• **EXERCISE BRIEF**
For every line below, output the text exactly and leave out images.

• **DATA TO USE**
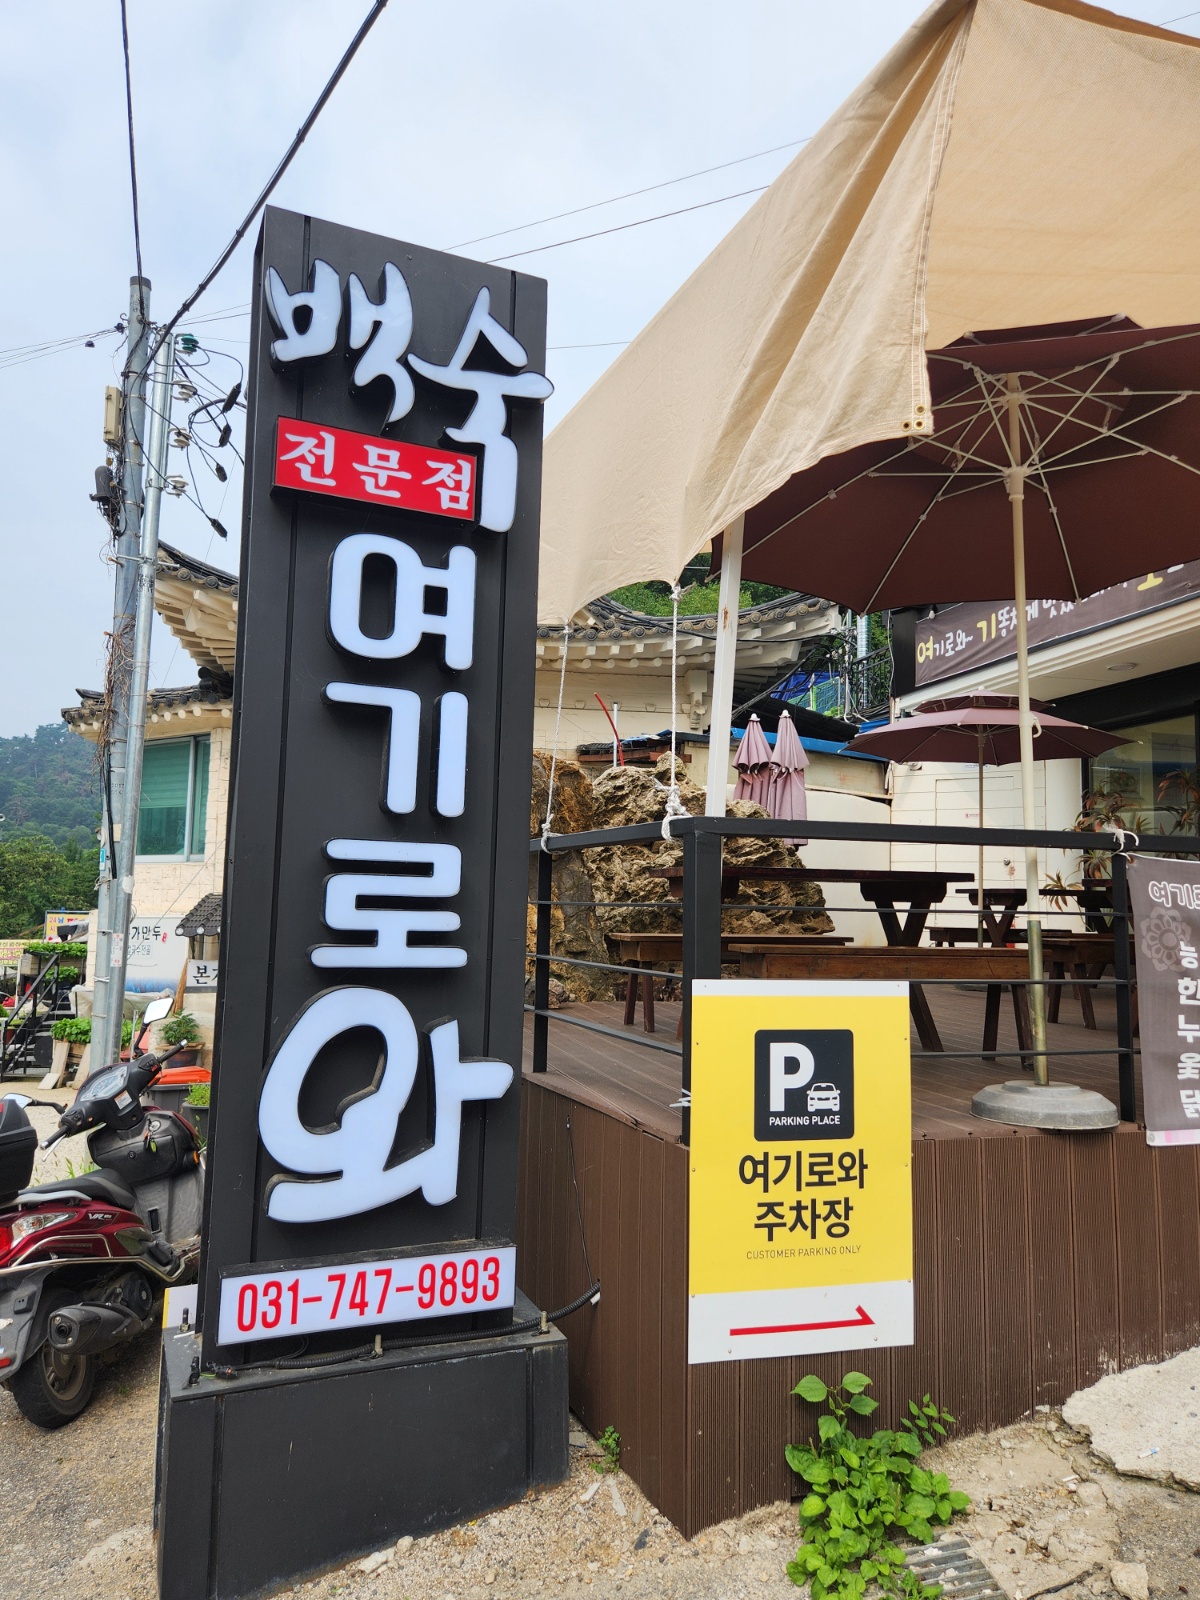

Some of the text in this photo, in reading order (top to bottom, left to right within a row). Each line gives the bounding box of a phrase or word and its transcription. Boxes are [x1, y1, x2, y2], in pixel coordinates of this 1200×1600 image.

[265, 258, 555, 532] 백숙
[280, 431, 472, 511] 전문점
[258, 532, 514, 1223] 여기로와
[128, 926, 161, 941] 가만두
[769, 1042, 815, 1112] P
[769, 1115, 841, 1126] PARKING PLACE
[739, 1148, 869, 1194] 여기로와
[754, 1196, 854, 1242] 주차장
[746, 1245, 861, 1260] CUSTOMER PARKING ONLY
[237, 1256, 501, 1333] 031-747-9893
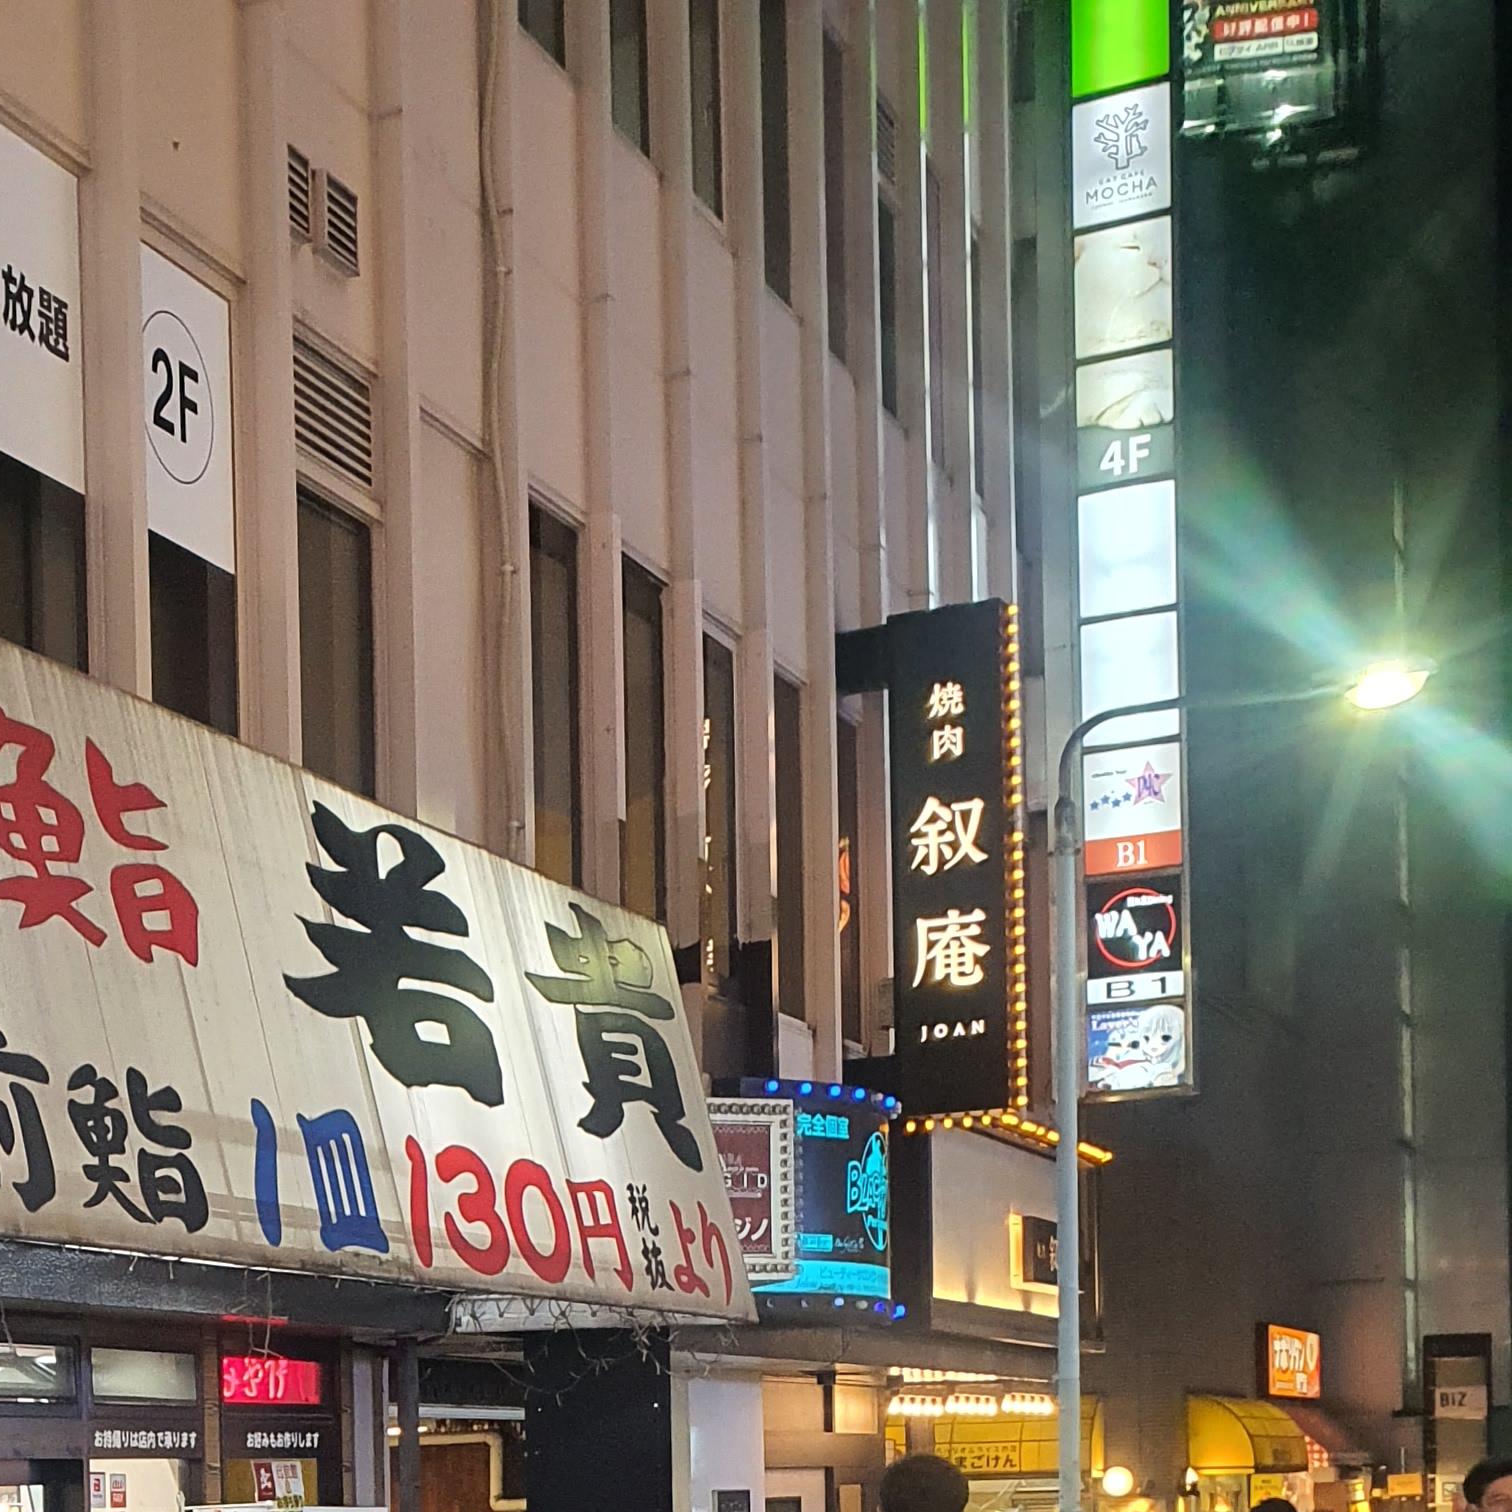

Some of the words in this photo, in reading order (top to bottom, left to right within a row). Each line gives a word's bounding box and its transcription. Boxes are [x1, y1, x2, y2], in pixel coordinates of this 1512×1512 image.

• **WRITTEN ANSWER**
Some of the text in this photo, in reading order (top to bottom, left to right within a row). Each line gives the bounding box of a phrase or word and its transcription. Boxes are [x1, y1, x2, y2], in pixel coordinates of this 1200×1600 image.

[265, 258, 555, 532] 백숙
[280, 431, 472, 511] 전문점
[258, 532, 514, 1223] 여기로와
[128, 926, 161, 941] 가만두
[769, 1042, 815, 1112] P
[769, 1115, 841, 1126] PARKING PLACE
[739, 1148, 869, 1194] 여기로와
[754, 1196, 854, 1242] 주차장
[746, 1245, 861, 1260] CUSTOMER PARKING ONLY
[237, 1256, 501, 1333] 031-747-9893

Some of the words in this photo, in reading order (top to bottom, left to right within a row). Each line gives a word's bounding box and its transcription. Boxes are [x1, y1, x2, y2], in pixel coordinates of this 1512×1512 image.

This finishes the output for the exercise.